====== Data excerpts ======

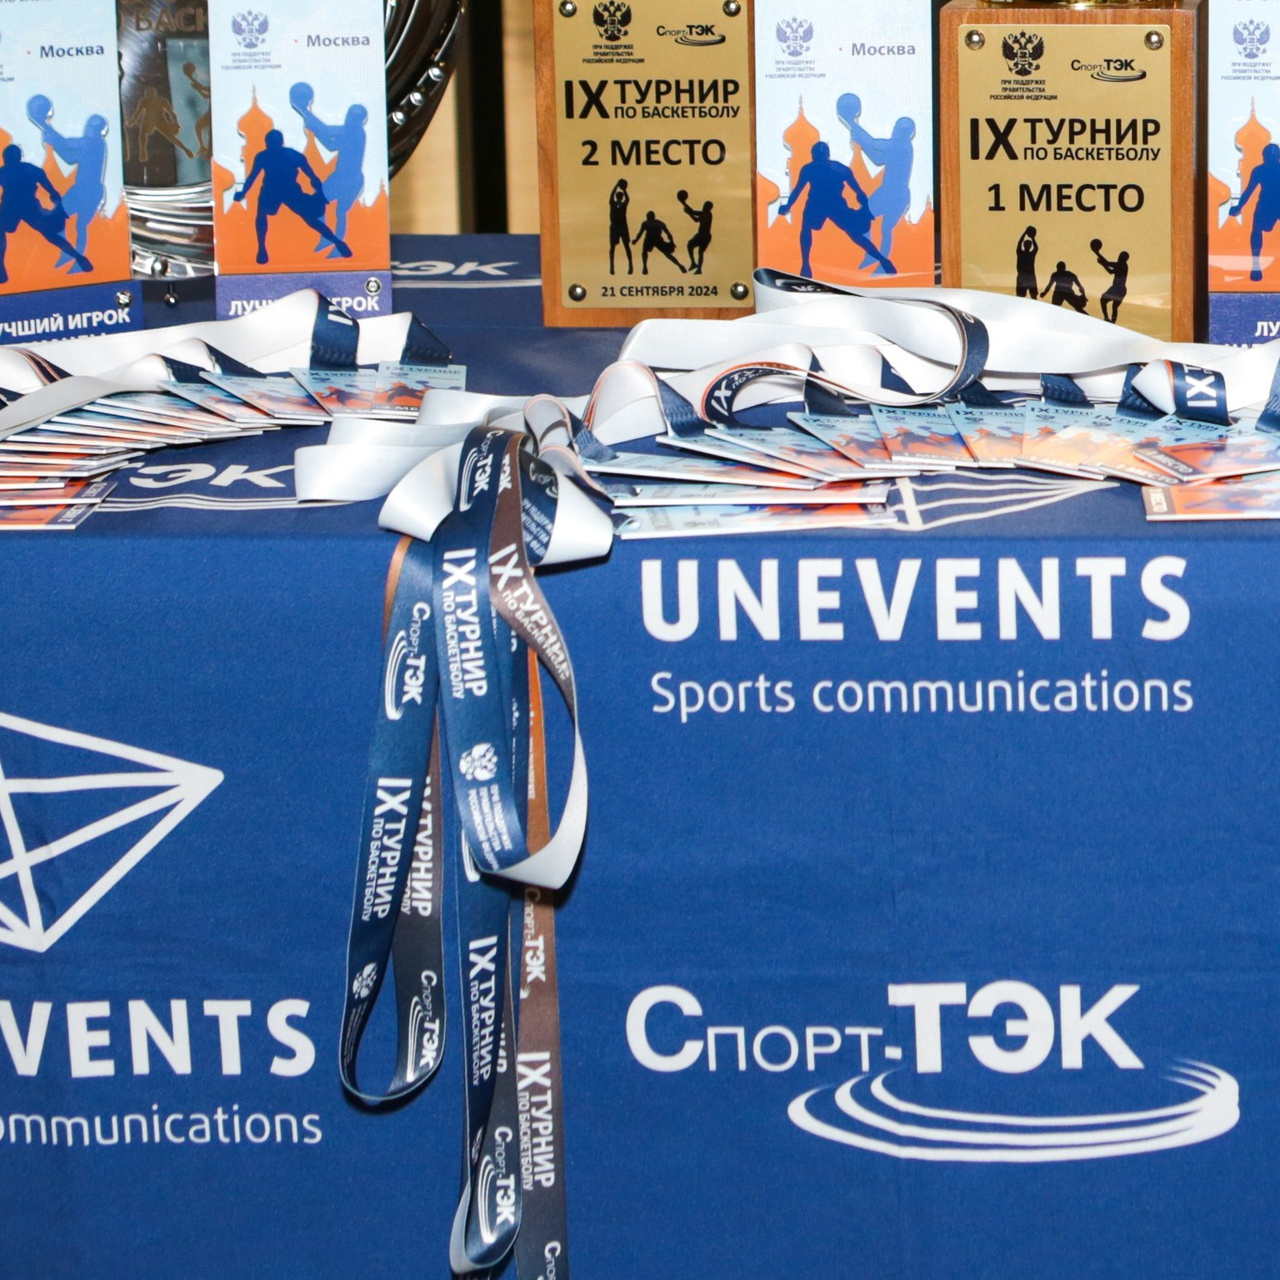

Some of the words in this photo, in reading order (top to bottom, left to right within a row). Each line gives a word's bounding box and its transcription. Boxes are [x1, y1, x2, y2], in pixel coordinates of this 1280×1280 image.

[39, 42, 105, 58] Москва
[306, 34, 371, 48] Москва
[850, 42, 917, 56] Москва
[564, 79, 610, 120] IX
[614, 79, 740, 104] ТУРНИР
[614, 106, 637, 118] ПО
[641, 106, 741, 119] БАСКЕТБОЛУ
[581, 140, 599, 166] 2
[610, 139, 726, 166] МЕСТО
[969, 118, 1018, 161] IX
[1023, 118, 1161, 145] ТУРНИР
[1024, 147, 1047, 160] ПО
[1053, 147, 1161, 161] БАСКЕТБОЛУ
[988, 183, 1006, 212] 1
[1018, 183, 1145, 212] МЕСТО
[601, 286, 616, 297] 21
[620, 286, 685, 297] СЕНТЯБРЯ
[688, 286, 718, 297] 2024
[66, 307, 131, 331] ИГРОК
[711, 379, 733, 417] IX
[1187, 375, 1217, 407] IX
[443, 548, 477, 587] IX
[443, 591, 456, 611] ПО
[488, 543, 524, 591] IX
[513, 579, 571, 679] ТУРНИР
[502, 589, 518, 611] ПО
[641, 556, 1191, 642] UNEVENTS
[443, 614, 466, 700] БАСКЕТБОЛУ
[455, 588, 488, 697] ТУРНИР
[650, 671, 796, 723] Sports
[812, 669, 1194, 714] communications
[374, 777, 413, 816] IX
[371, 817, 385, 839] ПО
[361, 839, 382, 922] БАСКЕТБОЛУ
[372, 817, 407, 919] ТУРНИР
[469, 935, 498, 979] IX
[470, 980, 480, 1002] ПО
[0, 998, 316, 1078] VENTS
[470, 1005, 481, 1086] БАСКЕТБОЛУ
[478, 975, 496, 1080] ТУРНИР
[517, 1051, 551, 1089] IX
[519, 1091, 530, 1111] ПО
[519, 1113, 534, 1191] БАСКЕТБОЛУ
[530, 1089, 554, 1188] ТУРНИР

======

Could all the data above be given again exactly, leaving out its images?

Task solution -
Some of the words in this photo, in reading order (top to bottom, left to right within a row). Each line gives a word's bounding box and its transcription. Boxes are [x1, y1, x2, y2], in pixel coordinates of this 1280×1280 image.

[39, 42, 105, 58] Москва
[306, 34, 371, 48] Москва
[850, 42, 917, 56] Москва
[564, 79, 610, 120] IX
[614, 79, 740, 104] ТУРНИР
[614, 106, 637, 118] ПО
[641, 106, 741, 119] БАСКЕТБОЛУ
[581, 140, 599, 166] 2
[610, 139, 726, 166] МЕСТО
[969, 118, 1018, 161] IX
[1023, 118, 1161, 145] ТУРНИР
[1024, 147, 1047, 160] ПО
[1053, 147, 1161, 161] БАСКЕТБОЛУ
[988, 183, 1006, 212] 1
[1018, 183, 1145, 212] МЕСТО
[601, 286, 616, 297] 21
[620, 286, 685, 297] СЕНТЯБРЯ
[688, 286, 718, 297] 2024
[66, 307, 131, 331] ИГРОК
[711, 379, 733, 417] IX
[1187, 375, 1217, 407] IX
[443, 548, 477, 587] IX
[443, 591, 456, 611] ПО
[488, 543, 524, 591] IX
[513, 579, 571, 679] ТУРНИР
[502, 589, 518, 611] ПО
[641, 556, 1191, 642] UNEVENTS
[443, 614, 466, 700] БАСКЕТБОЛУ
[455, 588, 488, 697] ТУРНИР
[650, 671, 796, 723] Sports
[812, 669, 1194, 714] communications
[374, 777, 413, 816] IX
[371, 817, 385, 839] ПО
[361, 839, 382, 922] БАСКЕТБОЛУ
[372, 817, 407, 919] ТУРНИР
[469, 935, 498, 979] IX
[470, 980, 480, 1002] ПО
[0, 998, 316, 1078] VENTS
[470, 1005, 481, 1086] БАСКЕТБОЛУ
[478, 975, 496, 1080] ТУРНИР
[517, 1051, 551, 1089] IX
[519, 1091, 530, 1111] ПО
[519, 1113, 534, 1191] БАСКЕТБОЛУ
[530, 1089, 554, 1188] ТУРНИР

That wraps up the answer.